问题
Problem
I'm trying to keep a running total of consecutive timestamps (minute frequency). I currently have a way of taking a cumulative sum and resetting it on the condition that two columns do not match, but its done with a for loop. I was wondering if there is a way to do this without the loop.
Code
cb_arbitrage['shift'] = cb_arbitrage.index.shift(1, freq='T')
Returns:
cccccccc bbbbbbbb cb_spread shift
timestamp
2017-07-07 18:23:00 2535.002000 2524.678462 10.323538 2017-07-07 18:24:00
2017-07-07 18:24:00 2535.007826 2523.297619 11.710207 2017-07-07 18:25:00
2017-07-07 18:25:00 2535.004167 2524.391000 10.613167 2017-07-07 18:26:00
2017-07-07 18:26:00 2534.300000 2521.838667 12.461333 2017-07-07 18:27:00
2017-07-07 18:27:00 2530.231429 2520.195625 10.035804 2017-07-07 18:28:00
2017-07-07 18:28:00 2529.444667 2518.782143 10.662524 2017-07-07 18:29:00
2017-07-07 18:29:00 2528.988000 2518.802963 10.185037 2017-07-07 18:30:00
2017-07-07 18:59:00 2514.403367 2526.473333 12.069966 2017-07-07 19:00:00
2017-07-07 19:01:00 2516.410000 2528.980000 12.570000 2017-07-07 19:02:00
Then I do the following:
cb_arbitrage['shift'] = cb_arbitrage['shift'].shift(1)

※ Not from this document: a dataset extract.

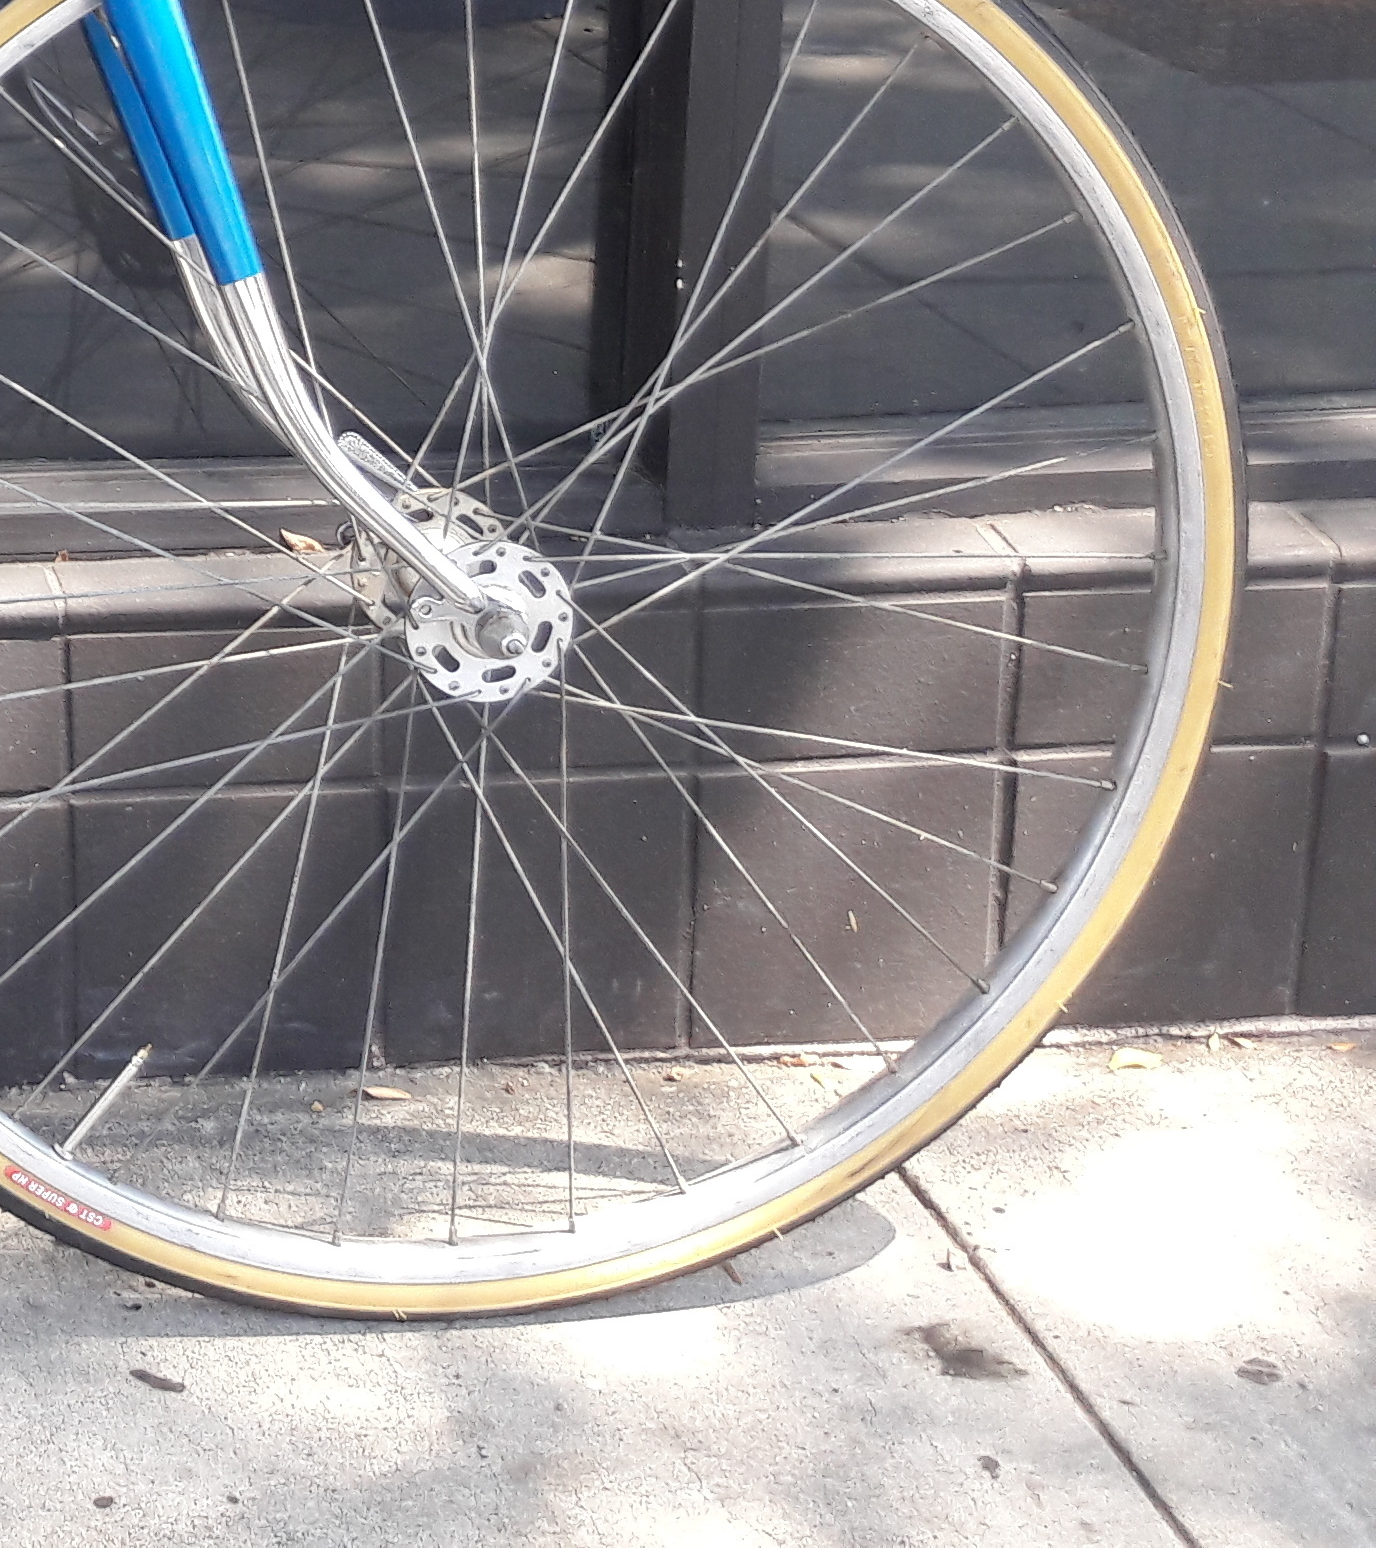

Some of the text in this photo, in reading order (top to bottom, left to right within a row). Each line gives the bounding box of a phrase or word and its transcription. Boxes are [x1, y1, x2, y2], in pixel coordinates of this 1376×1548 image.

[11, 1172, 104, 1226] CST SUPER HP

cb_arbitrage['shift'][0] = cb_arbitrage.index[0]
cb_arbitrage['count'] = 0
Which returns:
cccccccc bbbbbbbb cb_spread shift count
timestamp
2017-07-07 18:23:00 2535.002000 2524.678462 10.323538 2017-07-07 18:23:00 0
2017-07-07 18:24:00 2535.007826 2523.297619 11.710207 2017-07-07 18:24:00 0
2017-07-07 18:25:00 2535.004167 2524.391000 10.613167 2017-07-07 18:25:00 0
2017-07-07 18:26:00 2534.300000 2521.838667 12.461333 2017-07-07 18:26:00 0
2017-07-07 18:27:00 2530.231429 2520.195625 10.035804 2017-07-07 18:27:00 0
2017-07-07 18:28:00 2529.444667 2518.782143 10.662524 2017-07-07 18:28:00 0
2017-07-07 18:29:00 2528.988000 2518.802963 10.185037 2017-07-07 18:29:00 0
2017-07-07 18:59:00 2514.403367 2526.473333 12.069966 2017-07-07 18:30:00 0
2017-07-07 19:01:00 2516.410000 2528.980000 12.570000 2017-07-07 19:00:00 0
Then, the loop to calculate the cumulative sum, with reset:
count = 0
for i, row in cb_arbitrage.iterrows():
if i == cb_arbitrage.loc[i]['shift']:
count += 1
cb_arbitrage.set_value(i, 'count', count)
else:
count = 1
cb_arbitrage.set_value(i, 'count', count)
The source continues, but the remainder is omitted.